Aragon also says that it became aware that Autark was working on other projects “using the Association’s funding that were not in benefit to the Aragon community at all,” and that Autark also threatened Aragon, underperformed, lacked quality in its code and breached confidentiality.
The Aragon Association is now suing Autark in Swiss court, which is ironic because Aragon’s main focus is governance and it has a court for resolving disputes. Of course prominent Ethereum players like Eva Beylin asked why Aragon wasn’t using its own court. She tweeted, “if you can’t use your own dispute resolution platform for community challenges prior to seeking legal action, then you’re basically a fraud.” Luis’s defense was, “Aragon Court handles on-chain cases for DAOs. Legal agreements made by lawyers in accordance to Swiss law should be disputed in Swiss courts, the same way that an Aragon Agreement should be disputed in Aragon Court.”

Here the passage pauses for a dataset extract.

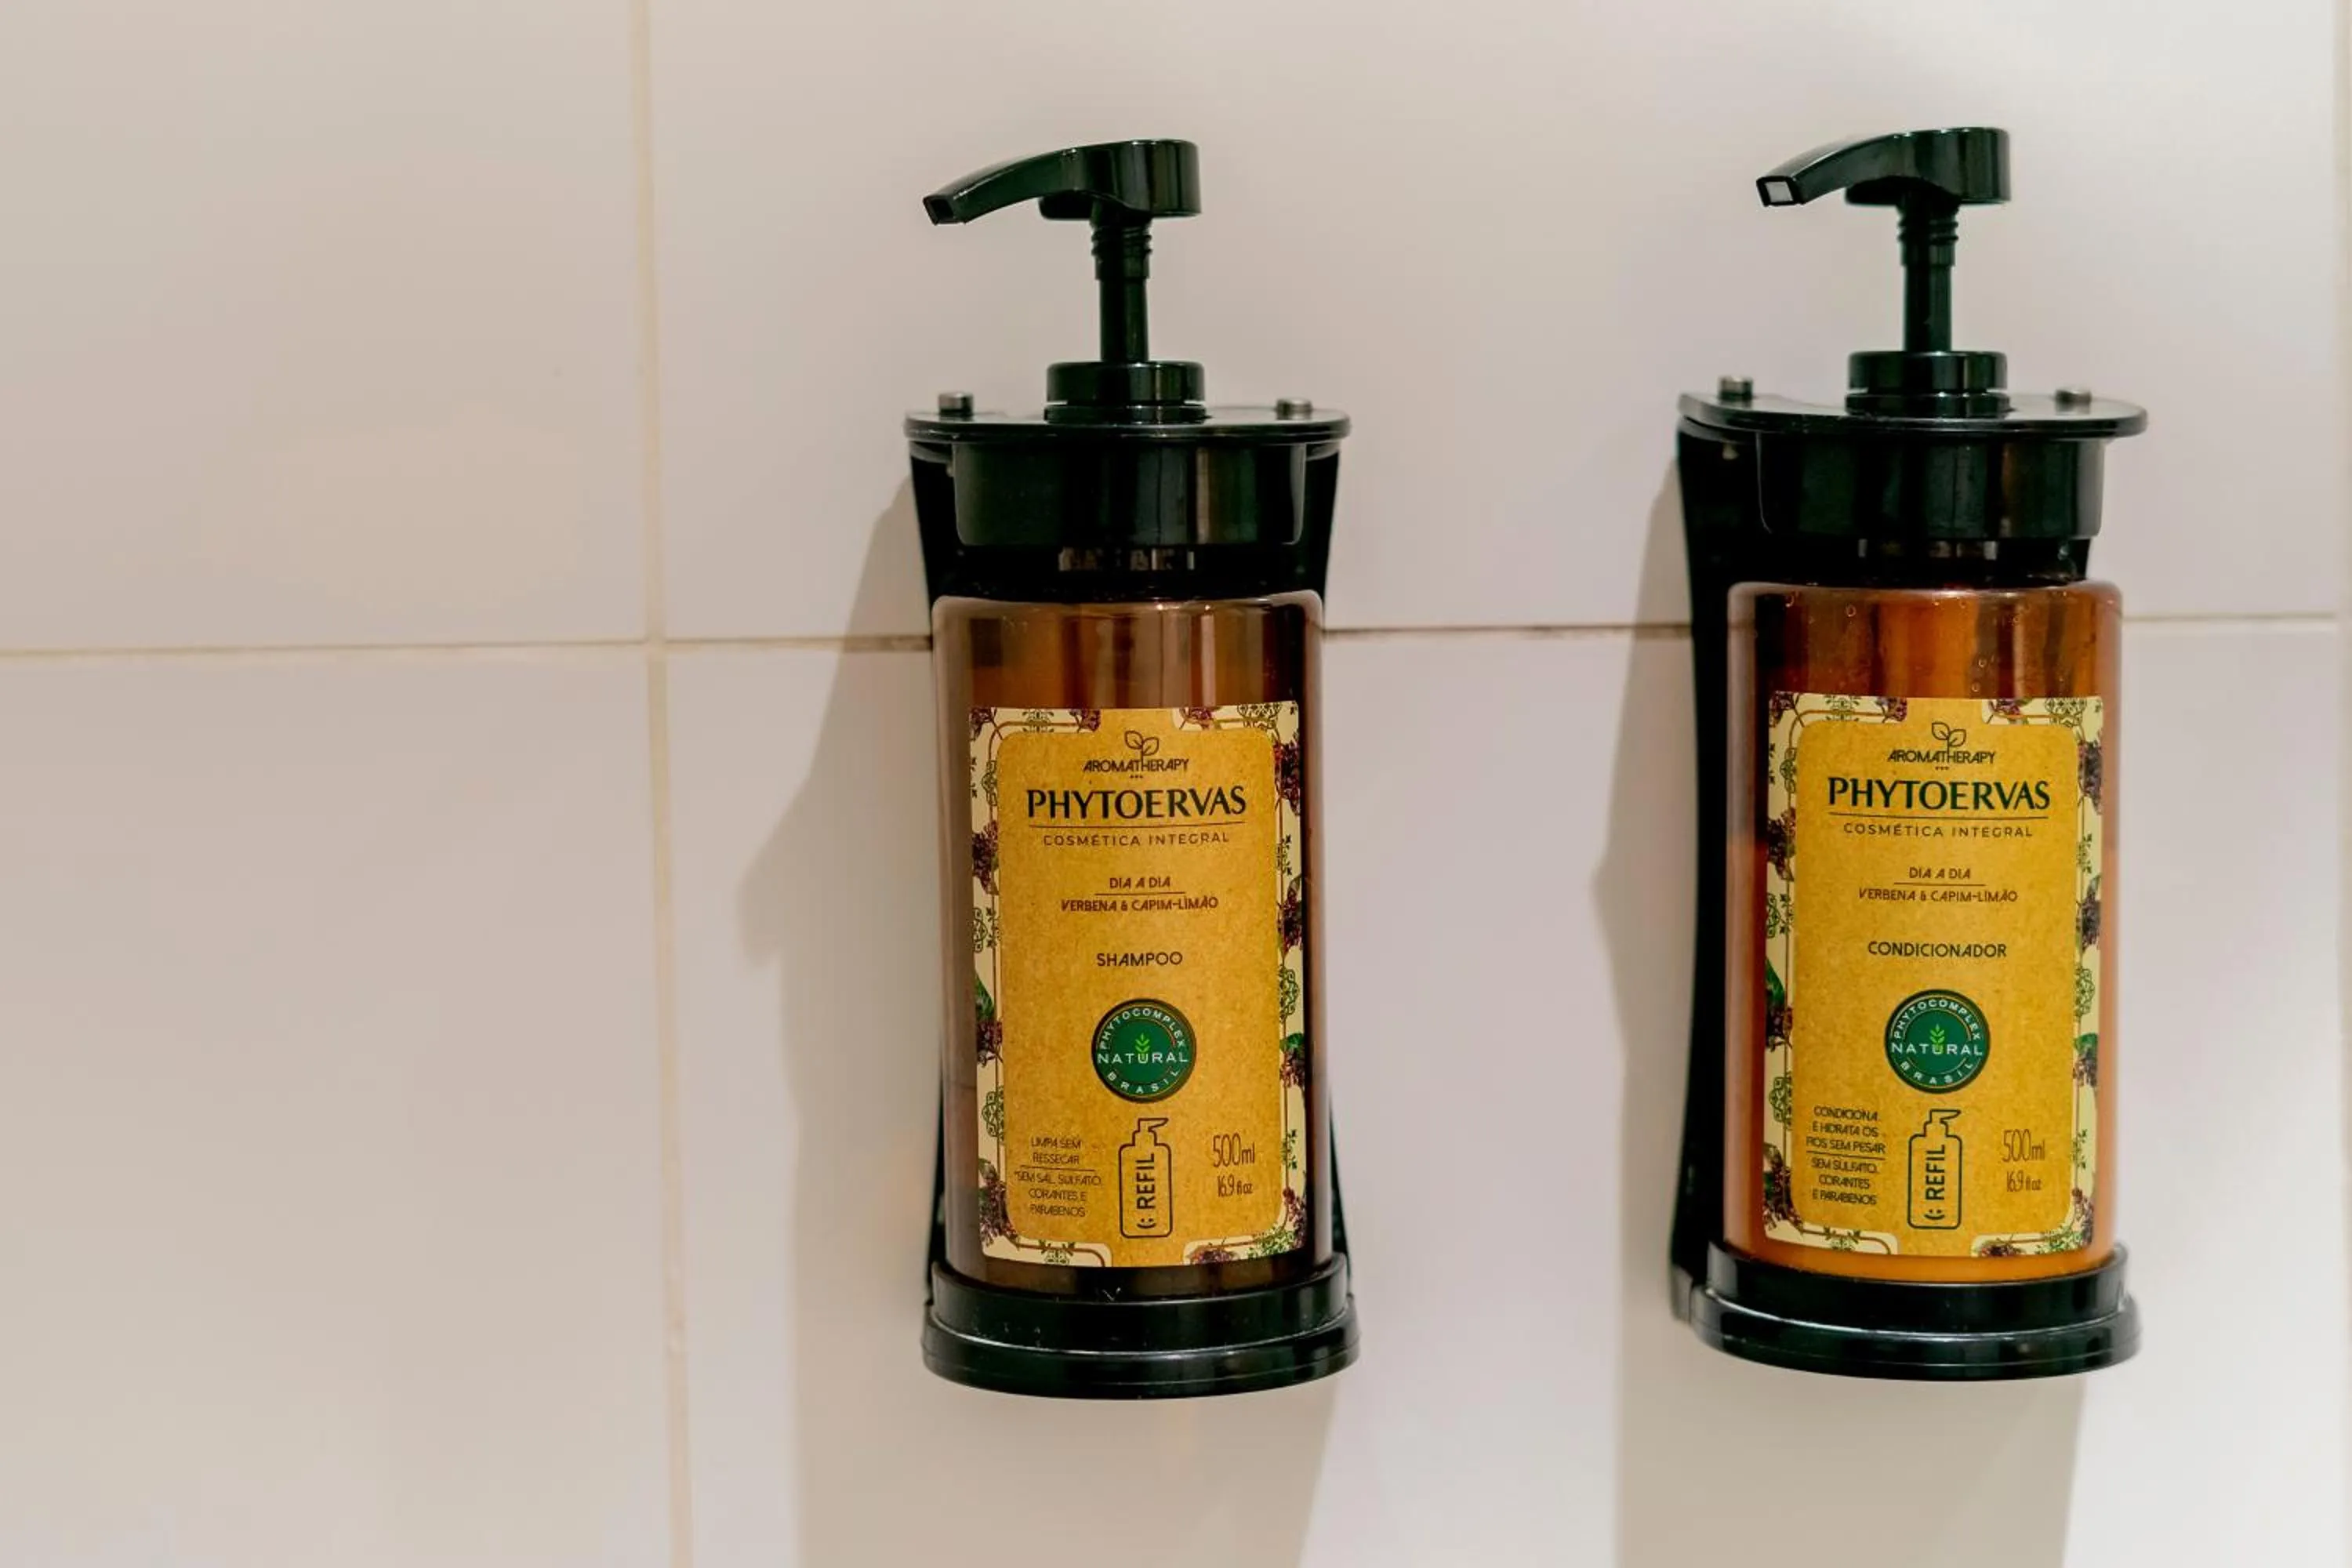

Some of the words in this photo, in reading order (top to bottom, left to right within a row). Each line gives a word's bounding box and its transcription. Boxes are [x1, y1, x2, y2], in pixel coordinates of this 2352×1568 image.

Maria Paul summed it up this way, “Regardless of who’s right on the Aragon/Autark dispute, this is a very interesting case and shows the limitations of DAOs. It shows we’re not ready to base everything on-chain and I hope more people understand the need for hybrid solutions (DAOs+ real life legal entities).”
In case you missed it, here is the Unchained interview with Luis Cuende of Aragon.
Independent crypto researcher Hasu wrote an interesting essay on the Deribit blog this week. The basic premise is that since the Bitcoin block size is limited, the incentive is for users to use custodial banks, because “they offer lower transaction cost over a variety of dimensions. These can include stronger network effect, faster payment clearing, legal recourse, lower transaction fees, or access to financial services like exchange or money markets.” He advocates for things like “pioneer[ing] ways for multiple users to share a single UTXO, so they can also bundle their interest and survive in the on-chain marketplace for blockspace with custodial banks.”
The Ethereum Foundation announced that it would decentralize a series of community, regional or virtual events for 2020, but stay focused on delivering a DevCon VI in Bogota, Colombia in 2021.
The excellent team at Coin Metrics is celebrating its first year and created a year-in-review of highlights. Since I know many of you are nerds who enjoy good analyses of data, I figured I’d let you know about it if you want to peruse some of the posts on your own, in addition to the ones that have been featured here on Unchained and Unconfirmed!
In January 2018, at the height of the crypto bubble, crypto OG Michael Terpin of BitAngels had his cryptocurrency account hacked, and $24 million was whisked away. In a recent lawsuit, Terpin alleges that Ellis Pinsky was the thief; he was 15 at the time of the theft. The New York Post describes Pinsky as a 10th-grader who ran track, played soccer and got good grades. It also says his mother is a physician at NYU Langone. However, he did at that time, write to an acquaintance, “I could buy you and all your family. I have 100 million dollars,” and the complaint alleges that an accomplice saw, in December 2017, “records indicating that Ellis had $70 million.” In case you were wondering what method Pinsky allegedly used to carry off his heists? A SIM swap. Read the full Post article for details on how he and his alleged collaborators carried out these thefts, and for details on how he lived the high life by doing things like keeping an account at the private jet company JetSmarter. The kicker? After Terpin’s lawyer contacted Pinsky’s mother at her office, Pinsky sent cryptocurrency, cash and a Patek Philippe Nautilus watch, worth over $100,000, to Terpin without any conditions. Still, Terpin is suing the kid that he’s nicknamed ‘Baby Al Capone’ for $71.4 million.